Heterometallic Complexes Based on Triphenylantimony(V) Quinone-Catecholate

Heterometallic chromium(III) Cr-III[(SQ-Cat)SbPh3](3) (I), copper(II) Cu-II[(SQ-Cat)SbPh3](2) (II), and zinc I2Zn(Q-Cat)SbPh3 (III) and IZn(SQ-Cat)SbPh3 (IV) complexes, where SQ is the corresponding o-semiquinone radical anion, and Cat is the catecholate dianion (mono- and direduced forms of the quinone fragment), are synthesized on the basis of the mononuclear triphenylantimony(V) quinone-catecholate complex (Q-Cat)SbPh3, which was derived from 4,4'-di-(6-tert-butyl-3-methylbenzo-1,2-quinone) (Q-Q).

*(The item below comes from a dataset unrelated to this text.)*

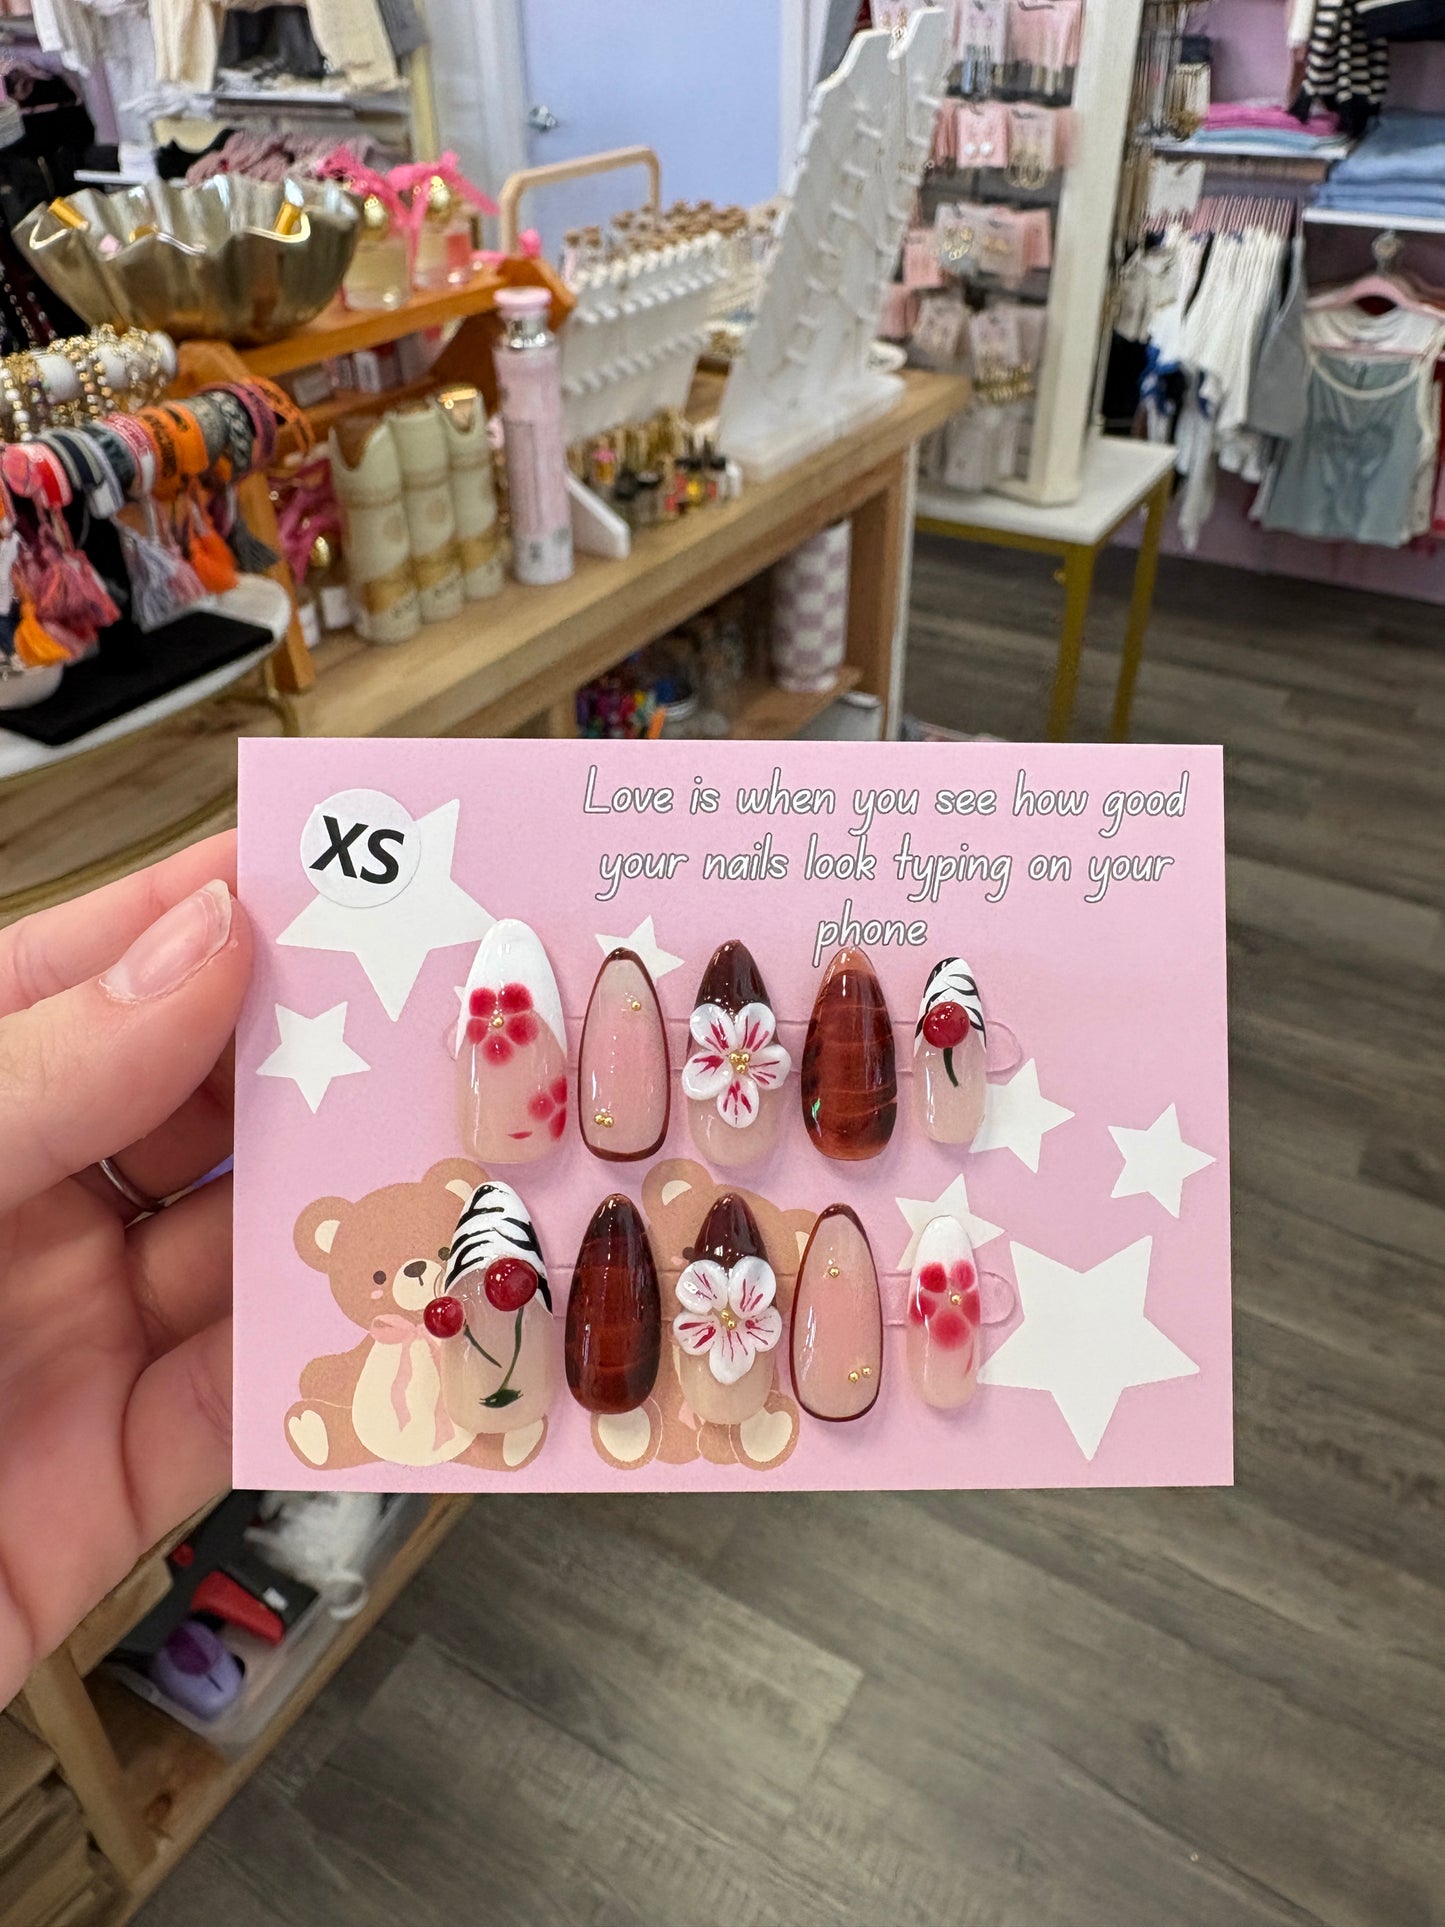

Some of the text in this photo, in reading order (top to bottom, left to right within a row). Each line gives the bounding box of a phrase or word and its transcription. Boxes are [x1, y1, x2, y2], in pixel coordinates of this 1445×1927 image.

The one-electron oxidation and one-electron reduction of chromium complex I afford the paramagnetic derivatives [Cr-III[(Q-Cat)SbPh3][(SQ-Cat)SbPh3](2)](+) (I+) and [Cr-III[(Cat-Cat)SbPh3][(SQ-Cat)SbPh3](2)](-) (I-), respectively, which are easily detected by EPR spectroscopy. The EPR spectroscopy data and measurements of the temperature dependence of the magnetic susceptibility of copper complex II indicate in favor of the localization of the lone electron on the organic ligand, which can be explained by the antiferromagnetic metal-ligand exchange in this complex (J(SQ-Cu) = -157 cm(-1), J(SQ-SQ) = -10.0 cm(-1)). The coordination of (Q-Cat)SbPh3 as neutral o-quinone to zinc iodide with the formation of complex III increases significantly the oxidation ability of the quinone fragment in this complex (E-Red1 = 0.43 V for III and -0.45 V for (Q-Cat)SbPh3 vs. Ag/AgCl/KCl(sat.)), and the complex can oxidize the iodide anion to iodine with the formation of paramagnetic derivative IV, whose EPR spectrum is characteristic of complexes of the M(SQ-Cat) type. The redox properties of complexes I and III are studied by cyclic voltammetry.